DYSIS-Studie

Risikopatienten: Blutfette sind meistens schlecht eingestellt

Heidelberg - 01.09.2010, 15:00 Uhr


Vier von fünf Hochrisikopatienten in Deutschland erreichen trotz Behandlung mit einem Statin bei mindestens einem Lipidparameter die Werte nicht, die nach den Leitlinien und Empfehlungen

Über 40% weisen mehr als eine Ziel- oder Normwertabweichung auf. Das zeigen die Ergebnisse der internationalen epidemiologischen Beobachtungsstudie DYSIS (Dyslipidemia International Survey). Diese Studie sollte ein realistisches Bild von der Qualität der Lipidtherapie bei mit Statinen behandelten Patienten in elf europäischen Ländern und Kanada liefern. Von den rund 22.000 dokumentierten Patienten stammten 4.282 aus Deutschland, davon waren fast 90% als Hochrisikopatienten einzustufen. Knapp 60% hatten bereits eine kardiovaskuläre Erkrankung, über 45% einen Typ-2-Diabetes. Die Mehrheit der Patienten erhielt eine Statindosis mittlerer Stärke, entsprechend 20 bis 40 mg Simvastatin.

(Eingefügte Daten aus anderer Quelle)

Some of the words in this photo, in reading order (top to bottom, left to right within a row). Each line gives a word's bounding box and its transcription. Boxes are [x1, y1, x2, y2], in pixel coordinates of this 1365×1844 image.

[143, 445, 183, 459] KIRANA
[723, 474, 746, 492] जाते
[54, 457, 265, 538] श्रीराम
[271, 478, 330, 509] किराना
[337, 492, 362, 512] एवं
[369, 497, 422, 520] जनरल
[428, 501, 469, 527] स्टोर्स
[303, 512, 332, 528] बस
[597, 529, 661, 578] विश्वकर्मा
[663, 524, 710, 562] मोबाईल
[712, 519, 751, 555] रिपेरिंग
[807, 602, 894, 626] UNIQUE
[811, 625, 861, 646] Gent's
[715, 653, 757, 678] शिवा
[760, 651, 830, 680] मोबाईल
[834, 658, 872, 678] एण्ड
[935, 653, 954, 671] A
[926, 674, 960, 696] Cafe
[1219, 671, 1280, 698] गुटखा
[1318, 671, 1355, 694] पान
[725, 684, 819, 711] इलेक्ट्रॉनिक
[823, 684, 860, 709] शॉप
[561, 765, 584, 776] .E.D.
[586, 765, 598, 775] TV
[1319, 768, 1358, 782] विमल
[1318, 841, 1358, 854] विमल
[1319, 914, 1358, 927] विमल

Nur 21% der Patienten wiesen bei allen relevanten Lipidwerten  –  Gesamt-, LDL- und HDL-Cholesterin sowie Triglyceriden  –  normale Werte auf. Bei 8,5% der Patienten wichen alle drei Lipidfraktionen von den empfohlenen Werten ab, die die europäische Gesellschaft für Kardiologie in ihren Leitlinien empfiehlt. Der größte Teil der Patienten (58%) wies erhöhte LDL-Werte auf, davon hatten 57% zusätzlich erniedrigtes HDL-Cholesterin und/oder erhöhte Triglyceride.

Patienten mit Bluthochdruck oder Bewegungsmangel, Raucher und Frauen erreichen ihren Zielwert für LDL-Cholesterin besonders schlecht. Bessere Aussicht auf einen gesunden LDL-Cholesterinspiegel unter angemessener Therapie hatten Patienten mit koronarer Herzkrankheit, Diabetiker und Patienten in Facharztbehandlung sowie jene, die hohe Statindosen und/oder Ezetimib erhielten.

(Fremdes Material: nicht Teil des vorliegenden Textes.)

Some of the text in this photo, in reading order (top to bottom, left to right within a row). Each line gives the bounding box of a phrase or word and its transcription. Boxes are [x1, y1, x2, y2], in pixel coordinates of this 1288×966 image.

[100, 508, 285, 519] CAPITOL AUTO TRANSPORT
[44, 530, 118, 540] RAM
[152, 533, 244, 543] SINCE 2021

Die Ergebnisse der DYSIS-Studie zeigen die Lücke zwischen den Leitlinienempfehlungen und der klinischen Praxis: Der Bedarf an einem intensiveren und umfassenderen Lipidmanagement bei Hochrisikopatienten ist groß. Vor dem Hintergrund dieser neuen Resultate werden innovative, multidimensionale Therapiestrategien benötigt, die LDL-Cholesterin weiter senken, Triglyceride senken und HDL-Cholesterin erhöhen können. Mögliche Optionen wären die Ausreizung der Statintherapie, die Zugabe von Ezetimib zur weiteren LDL-Senkung oder die Zugabe von Nicotinsäure/Laropiprant zum Statin.

Quelle:

Gitt, A. K., et al.: Prevalence and overlap of different lipid abnormalities in statin-treated patients at high cardiovascular risk in clinical practice in Germany. Clin. Res. Cardiol. 2010, Online-Veröffentlichung: DOI 10/1007/s00392-010-0177-z.